Right now, I’m sitting in a room with some of my heroes of the cheese world but they’re not talking about cheese. They’re talking about finance.

When the cheese crazed food nut in me is not feeling all fan-girly about being in the same room as all these rockstars from the cheese world who have come to little ol’ Ann Arbor from every corner of the country and the UK – Neals Yard Dairy, Stichelton, Jasper Hill Farm, Spring Brook Farm, Antonelli’s Cheese Shop. DiBruno Brothers, Cowgirl Creamery and Uplands Cheese Company – the more intellectually engaged side of me is able to parse the power of what is actually happening in the room.

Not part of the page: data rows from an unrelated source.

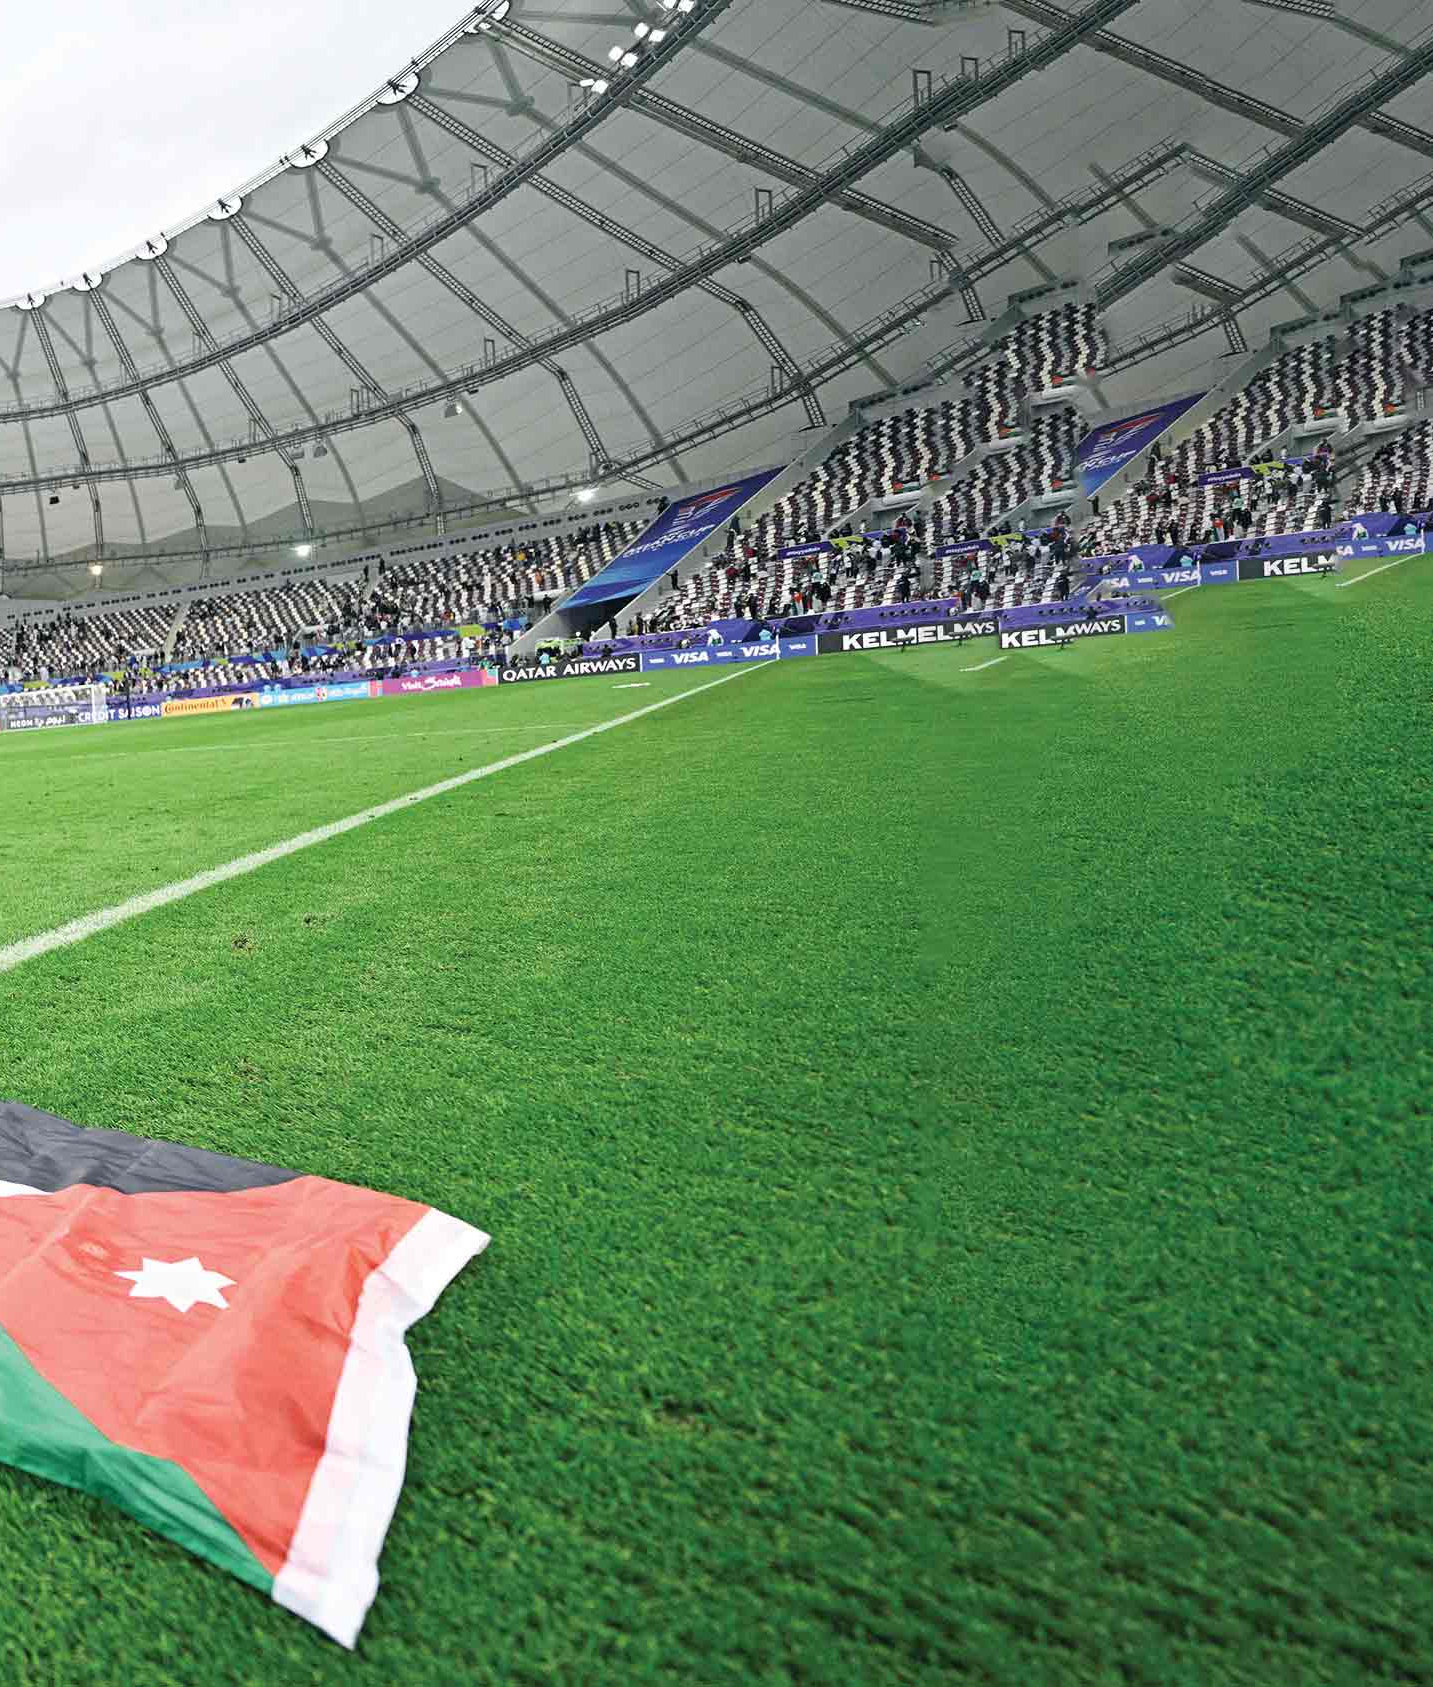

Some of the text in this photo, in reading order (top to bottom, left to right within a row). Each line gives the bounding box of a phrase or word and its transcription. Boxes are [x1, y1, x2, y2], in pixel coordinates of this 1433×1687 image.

[1385, 538, 1424, 551] VISA
[1161, 570, 1201, 584] VISA
[670, 651, 710, 664] VISA
[739, 644, 781, 657] VISA
[502, 657, 637, 682] QATAR AIRWAYS
[164, 699, 220, 714] Continental
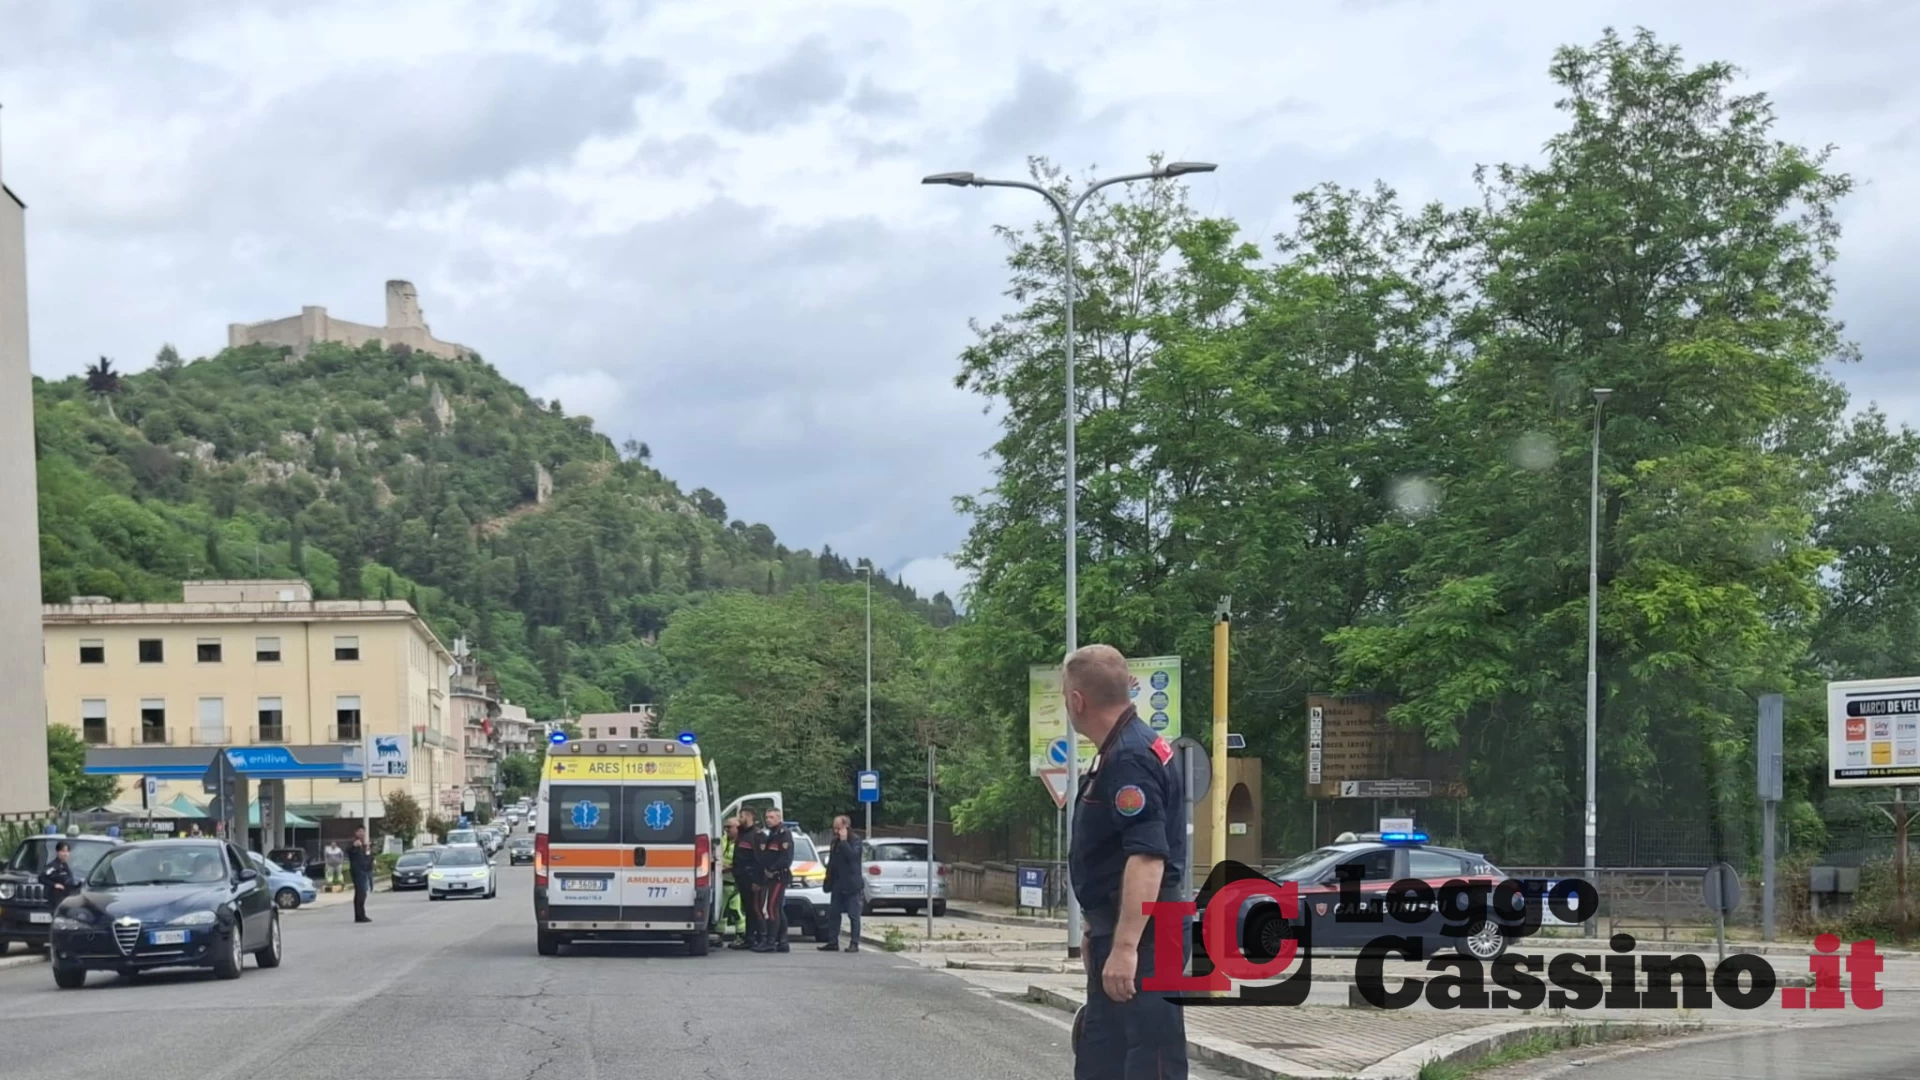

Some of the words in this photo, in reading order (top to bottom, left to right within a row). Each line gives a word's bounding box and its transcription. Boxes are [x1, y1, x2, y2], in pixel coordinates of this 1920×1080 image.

[1860, 701, 1886, 715] MARCO
[1887, 700, 1900, 713] DE
[1901, 698, 1920, 712] VEL
[249, 753, 288, 764] enilive
[588, 762, 620, 774] ARES
[626, 763, 644, 774] 118
[1473, 865, 1492, 875] 112
[626, 876, 690, 884] AMBULANZA
[647, 886, 668, 898] 777
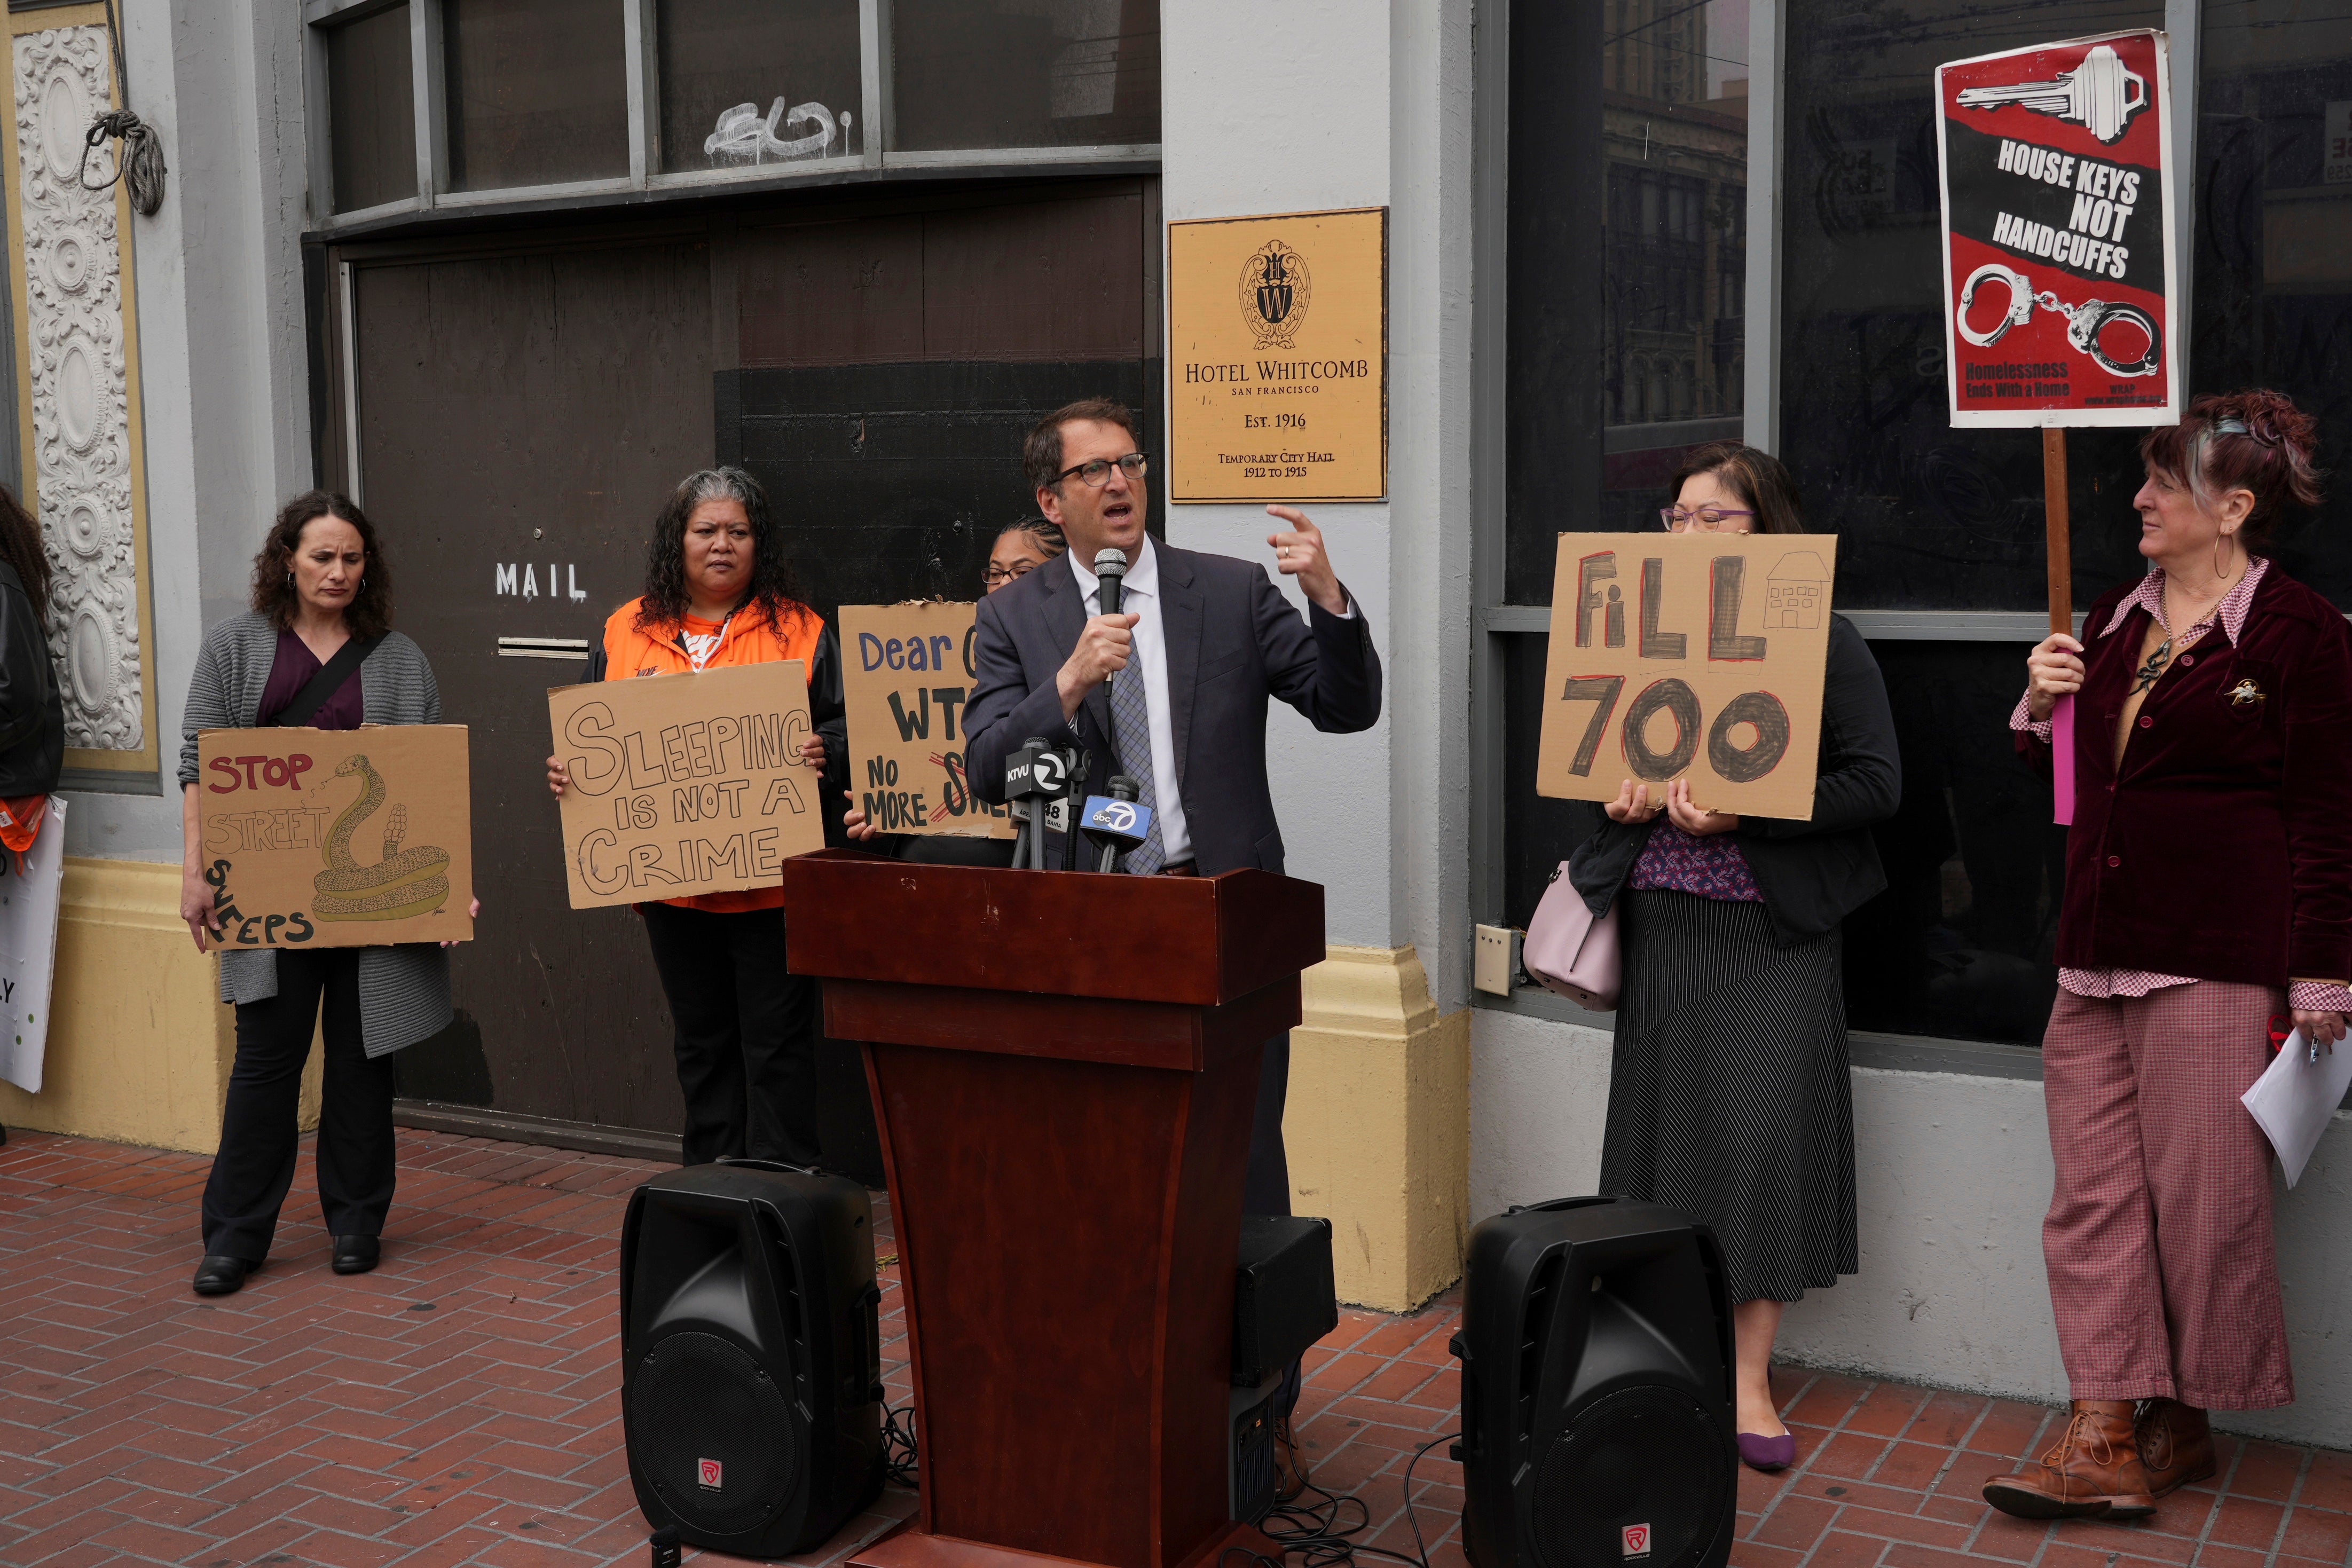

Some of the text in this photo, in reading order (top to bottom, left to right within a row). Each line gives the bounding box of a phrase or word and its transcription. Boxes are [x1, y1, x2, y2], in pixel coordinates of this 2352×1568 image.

Neal’s Yard Dairy from the UK hired ZingTrain to teach 6 of their team about the idea of Open Book Management. Open Book Management is the way we run the company here at Zingerman’s – we teach and hold responsible every single one of our staff for the success of each of our business’ bottom lines – food, service and finance. To create a sense of camaraderie in the room (and defray expenses), they invited a bunch of American cheese makers and retailers to the training and now there are 23 of them sitting in this room, listening to Ari and Ron (our CFO) talk about Open Book Management.

What’s happening in this room is amazing to me. I imagine, Neal’s Yard Dairy, coming from England, operates in a stiffer, more old fashioned financial world where the idea of Open Book is perhaps a little too radical. The idea of traditional cheese making, on the other hand, is an old one in England – they’ve been making cheddars for centuries. So they came to America to learn about this radical new way to run a business, and in the process, invited a bunch of American cheese makers, who are more open, perhaps, to radical ways of running a business but have little support in our world in the radical decision they have made to be small, artisanal cheese makers.

It’s a beautiful circle, is it not? Kind of like a perfect wheel of cheese.